Wuhan lab leak theory-comments

From Brunswiki

Comments on Clive Hamilton's opinion piece of 9 May are closed in the Age but can be continued here. Comment by Robert Durkacz, 12 May 2020.

No-one who reads the Age wants to align themselves with Trump and that is perfectly reasonable. It may be that Clive Hamilton is being just a little provocatively contrarian in linking his piece to Trump to attract attention to it. In any case we get past that quickly enough. Still most of the comments that people made were hostile, criticizing Hamilton for getting out of his field of expertise as an academic.

"Iris" wrote "he is not an expert virologist or epidemiologist" and she is obviously right. I am interested then to look more closely and ask whether he has or has not something valid to tell us the general public.

If Hamilton was explaining his own theories as a biological scientist then the right place to publish that is in specialist journals.

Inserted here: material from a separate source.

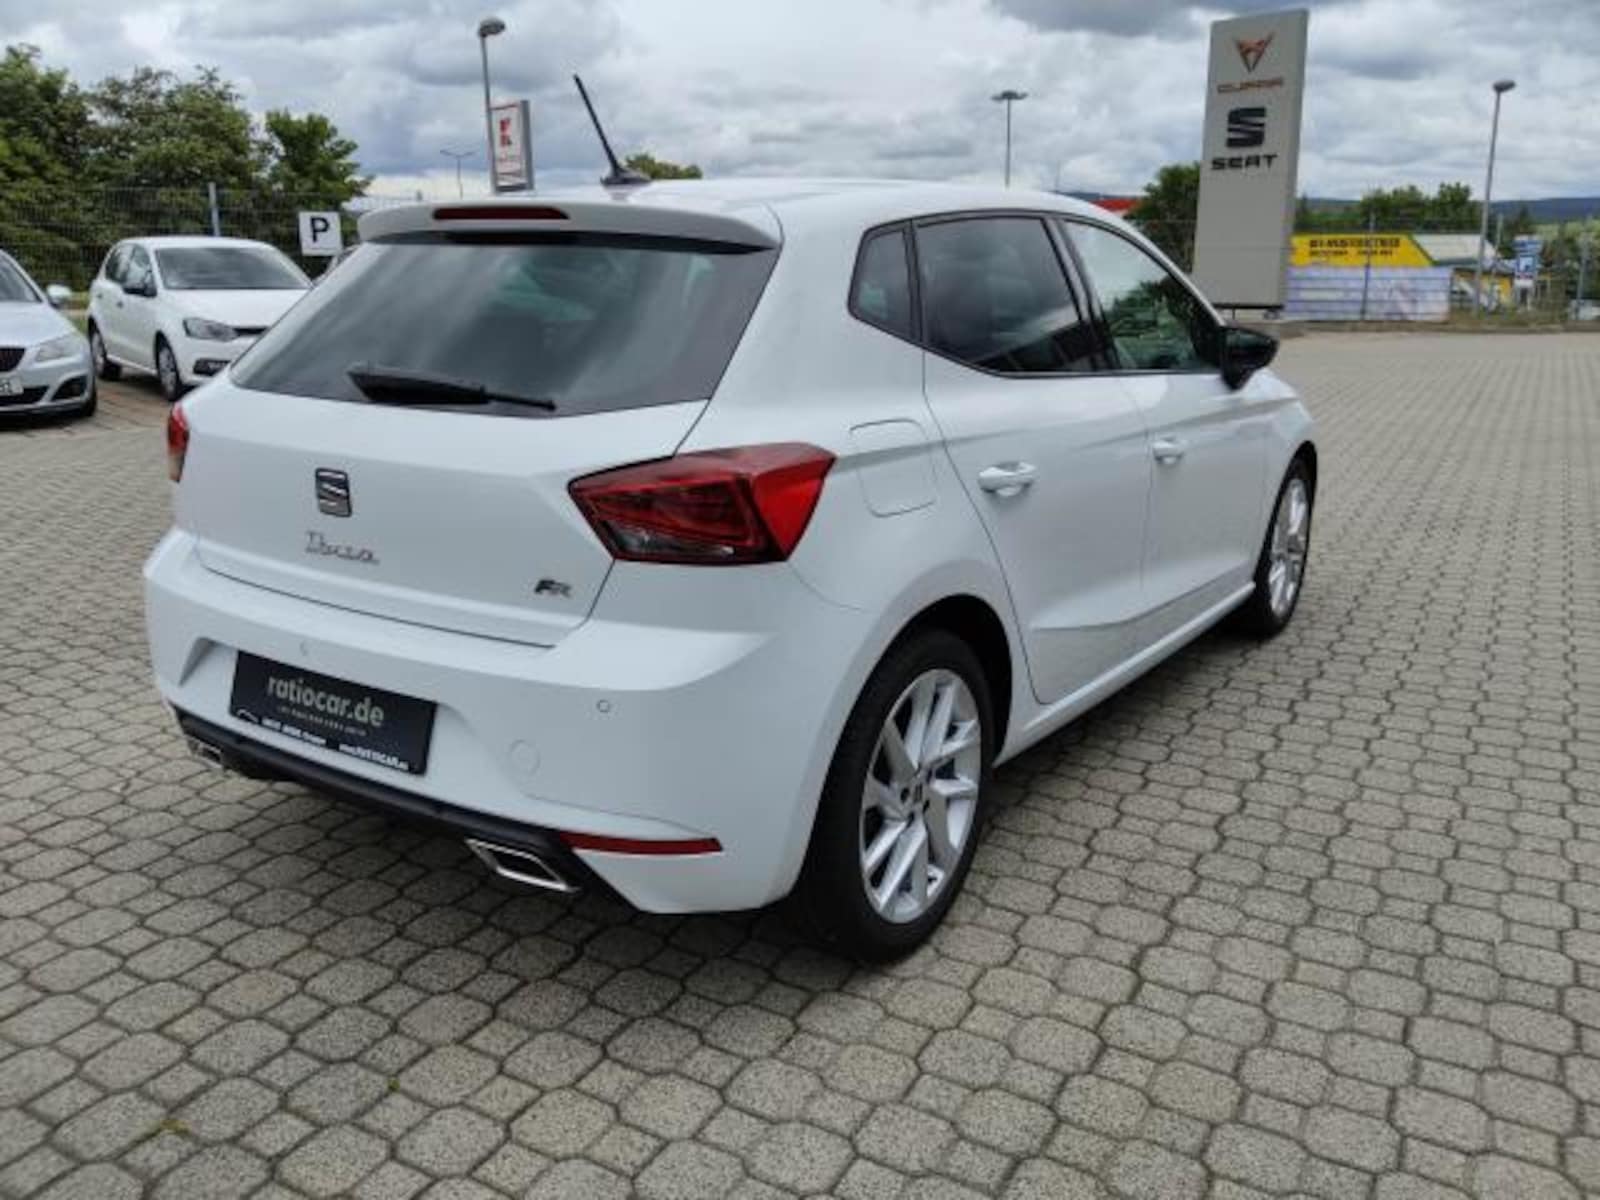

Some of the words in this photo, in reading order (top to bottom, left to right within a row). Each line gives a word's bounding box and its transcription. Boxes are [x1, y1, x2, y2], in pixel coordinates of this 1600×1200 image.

[1211, 154, 1278, 170] SEAT
[310, 217, 330, 243] P
[267, 675, 384, 727] ratiocar.de

If he was a scientist explaining accepted understandings of the biology involved in this epidemic that would be appropriate to publish in the Age but the article is not of that type.

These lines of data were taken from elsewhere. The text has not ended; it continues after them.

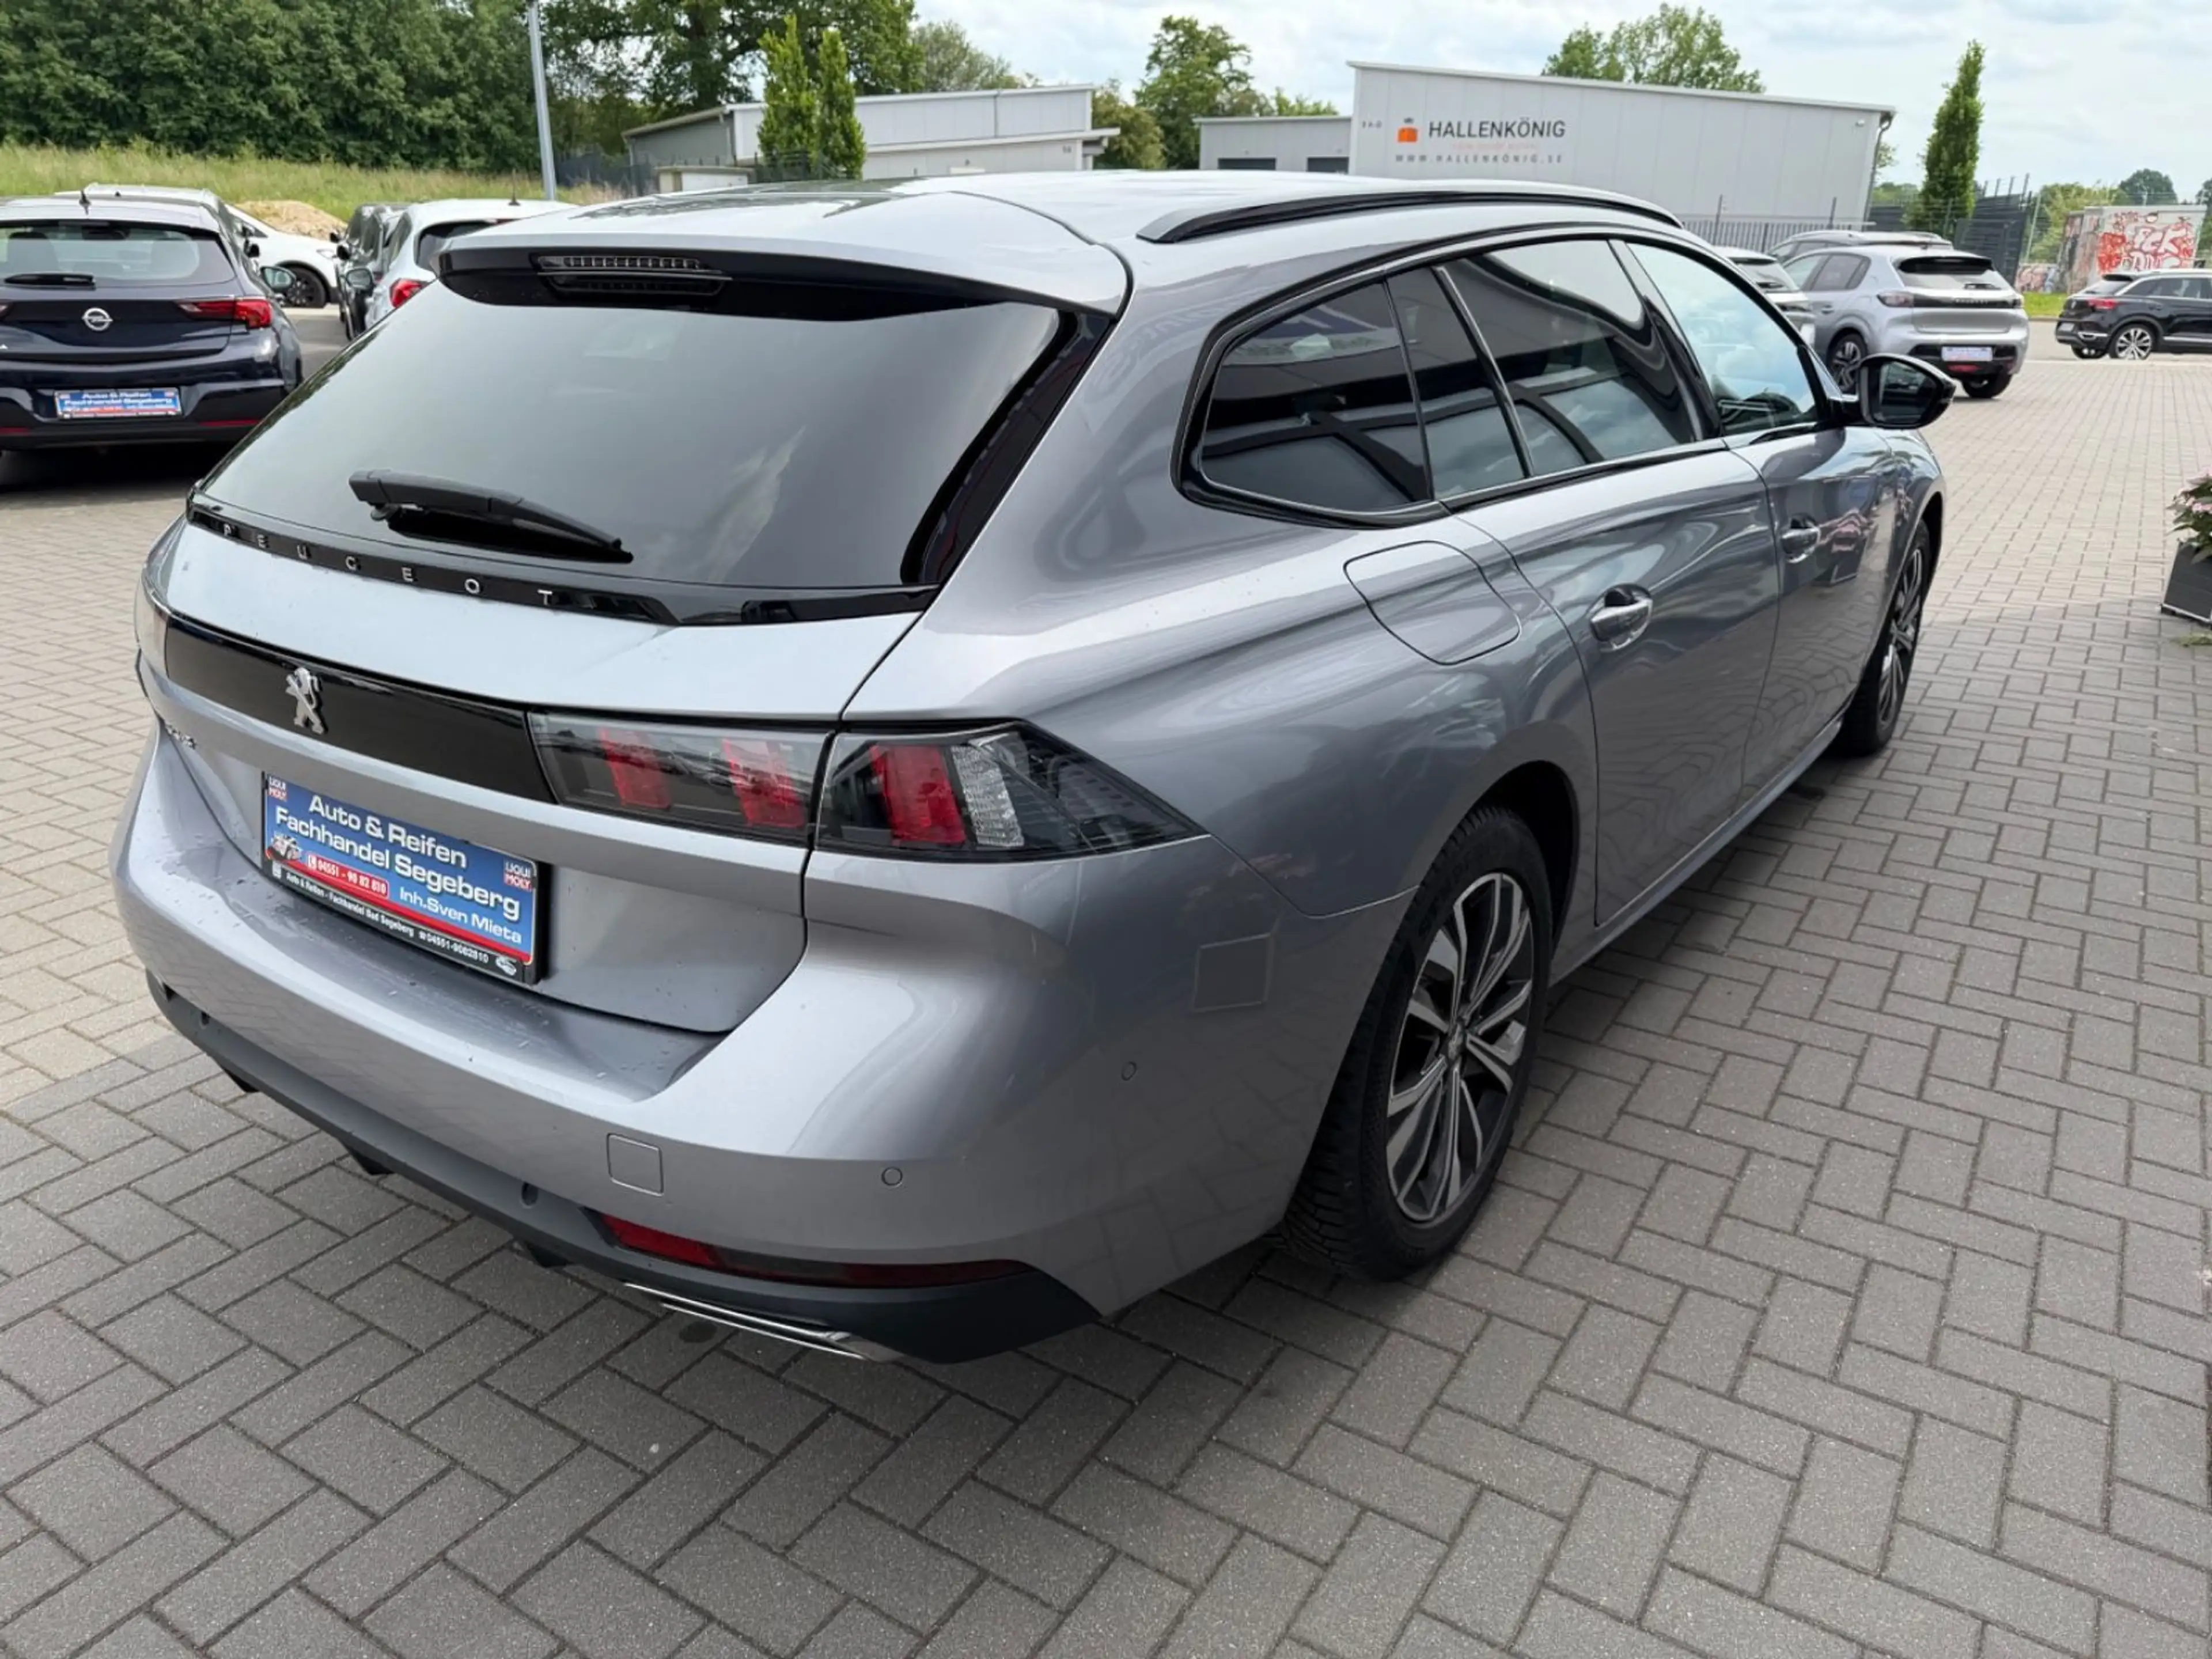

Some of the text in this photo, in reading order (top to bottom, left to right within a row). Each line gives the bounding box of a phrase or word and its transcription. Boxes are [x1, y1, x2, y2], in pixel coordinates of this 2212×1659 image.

[1429, 117, 1566, 138] HALLENKÖNIG
[224, 523, 552, 605] PEUGEOT
[276, 805, 519, 921] Fachhandel Segeberg
[309, 794, 467, 868] Auto & Reifen
[400, 886, 522, 944] Inh.Sven Mieta

If we came across Hamilton's article out of the blue and out of any context we would not know what to make of it because any of the factoids presented in support of the main argument could have been cherry-picked. The fact that Hailton points us to references is useful. It gives some confidence in what has been collected, but it does not help us with what might have been left out. We would want to know how Hamilton came up with the information. Presumably it is not his own detective work. It seems that he may have simply collected what has been revealed in press reports that we have already seen. If there is more to it than that he should say.

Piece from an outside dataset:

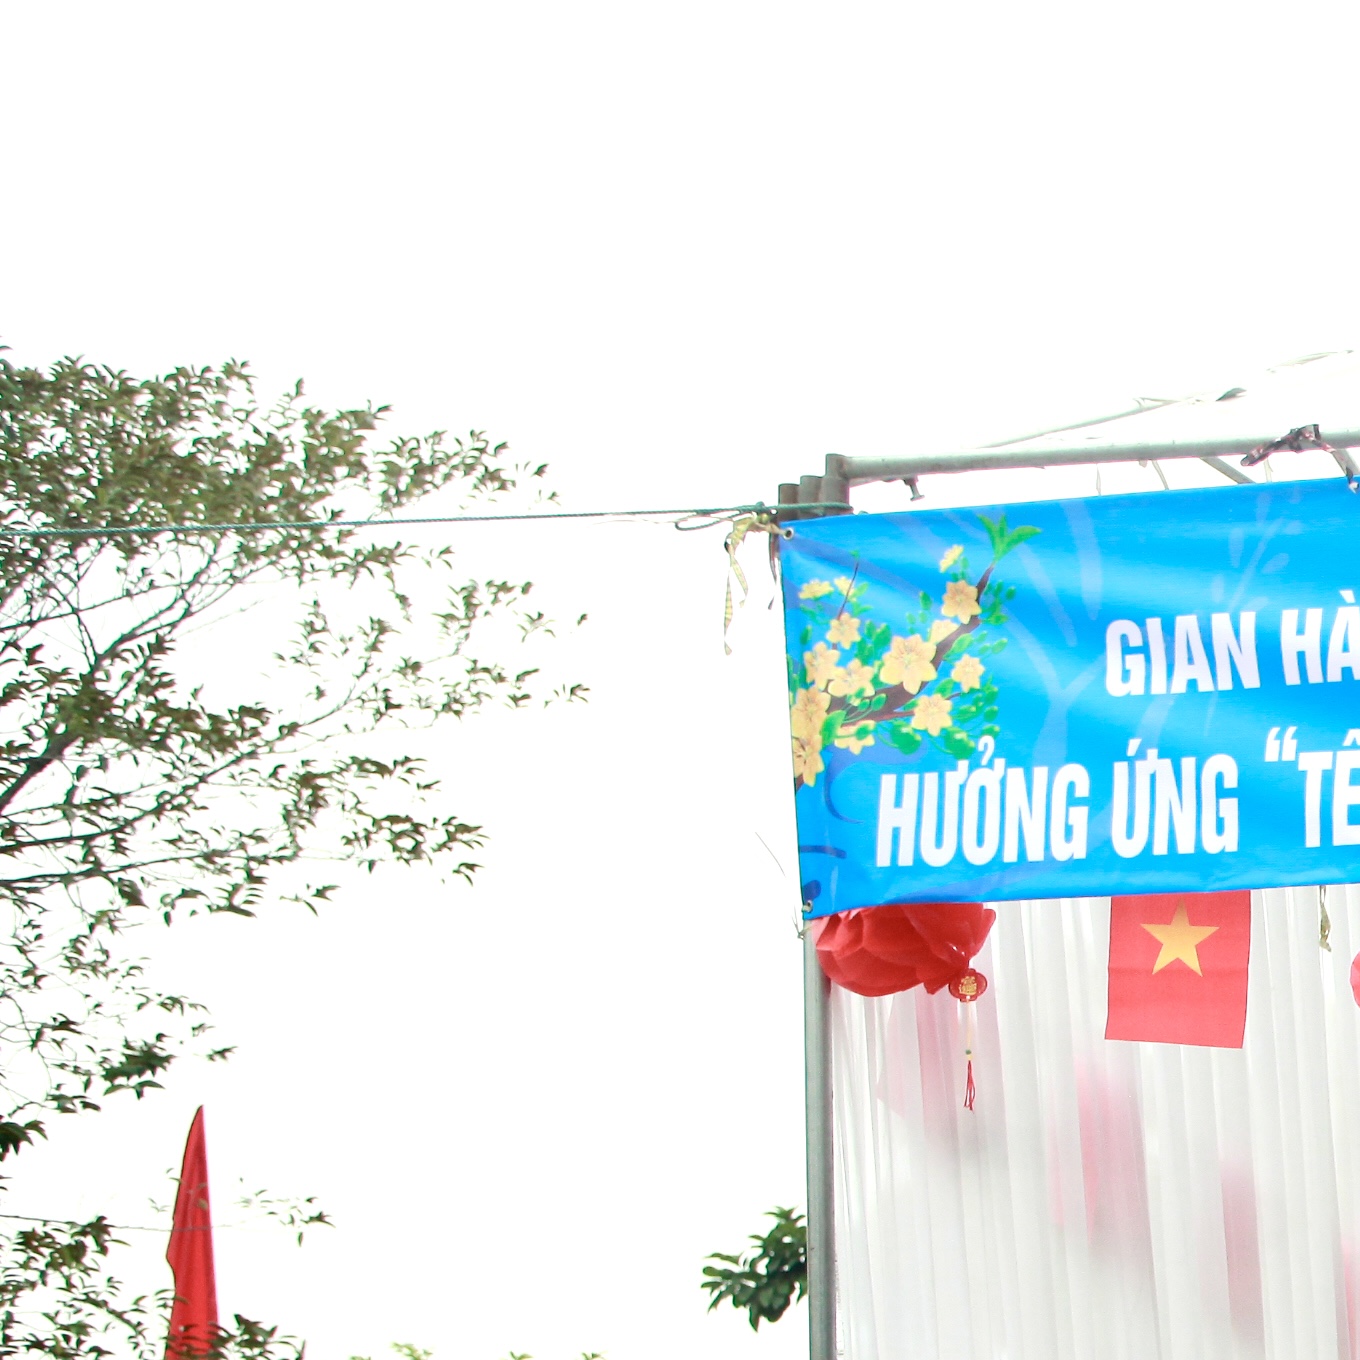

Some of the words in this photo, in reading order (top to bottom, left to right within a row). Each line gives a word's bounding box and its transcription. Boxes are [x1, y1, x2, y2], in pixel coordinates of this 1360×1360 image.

Iris reminds us that Hamilton is known for writing about the challenges brought by China to Australia's independence and goes on to call him a politician. I think that is fair. By the same logic it would justify his article as reminding us of that political question; how will we Australians relate to China (and will our attitude to the US change; see Paul Keating's article and discussion).

Only investigation will eventually resolve what went on in Wuhan in late 2019, as many commmented. Again that is justification for Hamilton's piece as a journalistic effort, to remind us that these questions should be answered and to encourage investigations to happen.

Iris tells us that Hamilton is an ethicist. As far as I know that means he is an expert in nothing but he is practiced in writing about ... whatever. Unlike Iris, I think it is fine that he should ask us to think about China, but even so he might be glossing over the main weakness in the case he is making which is that there is a strong alternative hypothesis.

In his words, "Nor is there any evidence of an intermediate host (speculation has centred on pangolins)." It is enough to make me suspect he might be trying too hard to build the case because as we hear it the hypothesis most favoured by the relevant scientists is exactly that: an intermediate host. It is not known at this time what was the intermediate host just as many other things are not known. But if Hamilton was wanting to give the impression that there are not likely alternatives to the lab escape theory, that would be misleading.